- Assigned task
Every line of the data below should be printed exactly. Nothing may be dropped.

- Records supplied
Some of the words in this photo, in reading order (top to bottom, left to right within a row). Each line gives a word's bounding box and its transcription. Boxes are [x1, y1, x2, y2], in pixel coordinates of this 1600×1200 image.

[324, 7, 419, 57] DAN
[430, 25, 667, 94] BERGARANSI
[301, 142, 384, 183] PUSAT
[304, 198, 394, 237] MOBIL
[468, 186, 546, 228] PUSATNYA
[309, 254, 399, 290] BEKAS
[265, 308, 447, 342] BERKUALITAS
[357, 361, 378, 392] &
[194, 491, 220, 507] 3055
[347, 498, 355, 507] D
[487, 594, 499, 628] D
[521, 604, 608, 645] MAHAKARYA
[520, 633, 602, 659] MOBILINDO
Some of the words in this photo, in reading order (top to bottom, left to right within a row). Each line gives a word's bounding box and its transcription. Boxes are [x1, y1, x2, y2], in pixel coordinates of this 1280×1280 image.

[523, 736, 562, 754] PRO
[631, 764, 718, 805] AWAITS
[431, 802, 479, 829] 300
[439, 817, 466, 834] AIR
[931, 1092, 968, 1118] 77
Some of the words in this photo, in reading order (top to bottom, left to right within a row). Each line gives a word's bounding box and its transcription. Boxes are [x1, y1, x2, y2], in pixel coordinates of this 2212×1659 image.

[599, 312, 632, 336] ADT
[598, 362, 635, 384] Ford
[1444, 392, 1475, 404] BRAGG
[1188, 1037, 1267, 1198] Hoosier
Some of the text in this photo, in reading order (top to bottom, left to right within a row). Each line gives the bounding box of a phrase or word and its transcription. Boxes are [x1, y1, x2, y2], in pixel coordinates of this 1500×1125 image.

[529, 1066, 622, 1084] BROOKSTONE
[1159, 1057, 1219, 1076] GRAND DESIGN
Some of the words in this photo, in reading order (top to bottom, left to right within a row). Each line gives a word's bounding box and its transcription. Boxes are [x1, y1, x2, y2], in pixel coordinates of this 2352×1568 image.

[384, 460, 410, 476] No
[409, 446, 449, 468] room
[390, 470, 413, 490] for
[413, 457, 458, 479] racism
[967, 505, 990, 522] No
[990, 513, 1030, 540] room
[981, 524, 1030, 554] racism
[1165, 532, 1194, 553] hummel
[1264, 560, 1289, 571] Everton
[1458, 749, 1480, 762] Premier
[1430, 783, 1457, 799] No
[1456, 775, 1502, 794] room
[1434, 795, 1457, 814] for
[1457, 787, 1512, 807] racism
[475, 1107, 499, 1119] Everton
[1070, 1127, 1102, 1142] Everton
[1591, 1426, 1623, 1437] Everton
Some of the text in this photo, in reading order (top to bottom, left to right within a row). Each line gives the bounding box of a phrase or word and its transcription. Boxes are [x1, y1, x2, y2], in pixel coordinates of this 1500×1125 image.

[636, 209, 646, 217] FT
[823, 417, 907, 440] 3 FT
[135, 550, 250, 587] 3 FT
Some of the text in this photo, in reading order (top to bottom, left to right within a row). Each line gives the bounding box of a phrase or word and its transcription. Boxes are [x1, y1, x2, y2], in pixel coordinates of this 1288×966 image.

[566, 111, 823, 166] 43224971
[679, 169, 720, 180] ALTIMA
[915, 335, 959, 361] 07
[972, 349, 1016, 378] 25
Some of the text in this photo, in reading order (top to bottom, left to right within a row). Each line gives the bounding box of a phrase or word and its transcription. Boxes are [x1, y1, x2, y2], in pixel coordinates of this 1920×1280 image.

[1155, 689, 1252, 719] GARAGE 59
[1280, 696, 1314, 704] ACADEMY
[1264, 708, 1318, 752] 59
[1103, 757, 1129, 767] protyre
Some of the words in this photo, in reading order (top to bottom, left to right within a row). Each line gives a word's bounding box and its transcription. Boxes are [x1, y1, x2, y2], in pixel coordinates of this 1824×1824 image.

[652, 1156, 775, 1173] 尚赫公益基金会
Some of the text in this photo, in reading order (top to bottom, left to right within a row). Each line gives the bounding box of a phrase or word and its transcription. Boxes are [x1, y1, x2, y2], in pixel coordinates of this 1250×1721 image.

- Answer box
Some of the words in this photo, in reading order (top to bottom, left to right within a row). Each line gives a word's bounding box and its transcription. Boxes are [x1, y1, x2, y2], in pixel coordinates of this 1600×1200 image.

[324, 7, 419, 57] DAN
[430, 25, 667, 94] BERGARANSI
[301, 142, 384, 183] PUSAT
[304, 198, 394, 237] MOBIL
[468, 186, 546, 228] PUSATNYA
[309, 254, 399, 290] BEKAS
[265, 308, 447, 342] BERKUALITAS
[357, 361, 378, 392] &
[194, 491, 220, 507] 3055
[347, 498, 355, 507] D
[487, 594, 499, 628] D
[521, 604, 608, 645] MAHAKARYA
[520, 633, 602, 659] MOBILINDO
Some of the words in this photo, in reading order (top to bottom, left to right within a row). Each line gives a word's bounding box and its transcription. Boxes are [x1, y1, x2, y2], in pixel coordinates of this 1280×1280 image.

[523, 736, 562, 754] PRO
[631, 764, 718, 805] AWAITS
[431, 802, 479, 829] 300
[439, 817, 466, 834] AIR
[931, 1092, 968, 1118] 77
Some of the words in this photo, in reading order (top to bottom, left to right within a row). Each line gives a word's bounding box and its transcription. Boxes are [x1, y1, x2, y2], in pixel coordinates of this 2212×1659 image.

[599, 312, 632, 336] ADT
[598, 362, 635, 384] Ford
[1444, 392, 1475, 404] BRAGG
[1188, 1037, 1267, 1198] Hoosier
Some of the text in this photo, in reading order (top to bottom, left to right within a row). Each line gives the bounding box of a phrase or word and its transcription. Boxes are [x1, y1, x2, y2], in pixel coordinates of this 1500×1125 image.

[529, 1066, 622, 1084] BROOKSTONE
[1159, 1057, 1219, 1076] GRAND DESIGN
Some of the words in this photo, in reading order (top to bottom, left to right within a row). Each line gives a word's bounding box and its transcription. Boxes are [x1, y1, x2, y2], in pixel coordinates of this 2352×1568 image.

[384, 460, 410, 476] No
[409, 446, 449, 468] room
[390, 470, 413, 490] for
[413, 457, 458, 479] racism
[967, 505, 990, 522] No
[990, 513, 1030, 540] room
[981, 524, 1030, 554] racism
[1165, 532, 1194, 553] hummel
[1264, 560, 1289, 571] Everton
[1458, 749, 1480, 762] Premier
[1430, 783, 1457, 799] No
[1456, 775, 1502, 794] room
[1434, 795, 1457, 814] for
[1457, 787, 1512, 807] racism
[475, 1107, 499, 1119] Everton
[1070, 1127, 1102, 1142] Everton
[1591, 1426, 1623, 1437] Everton
Some of the text in this photo, in reading order (top to bottom, left to right within a row). Each line gives the bounding box of a phrase or word and its transcription. Boxes are [x1, y1, x2, y2], in pixel coordinates of this 1500×1125 image.

[636, 209, 646, 217] FT
[823, 417, 907, 440] 3 FT
[135, 550, 250, 587] 3 FT
Some of the text in this photo, in reading order (top to bottom, left to right within a row). Each line gives the bounding box of a phrase or word and its transcription. Boxes are [x1, y1, x2, y2], in pixel coordinates of this 1288×966 image.

[566, 111, 823, 166] 43224971
[679, 169, 720, 180] ALTIMA
[915, 335, 959, 361] 07
[972, 349, 1016, 378] 25
Some of the text in this photo, in reading order (top to bottom, left to right within a row). Each line gives the bounding box of a phrase or word and its transcription. Boxes are [x1, y1, x2, y2], in pixel coordinates of this 1920×1280 image.

[1155, 689, 1252, 719] GARAGE 59
[1280, 696, 1314, 704] ACADEMY
[1264, 708, 1318, 752] 59
[1103, 757, 1129, 767] protyre
Some of the words in this photo, in reading order (top to bottom, left to right within a row). Each line gives a word's bounding box and its transcription. Boxes are [x1, y1, x2, y2], in pixel coordinates of this 1824×1824 image.

[652, 1156, 775, 1173] 尚赫公益基金会
Some of the text in this photo, in reading order (top to bottom, left to right within a row). Each line gives the bounding box of a phrase or word and its transcription. Boxes are [x1, y1, x2, y2], in pixel coordinates of this 1250×1721 image.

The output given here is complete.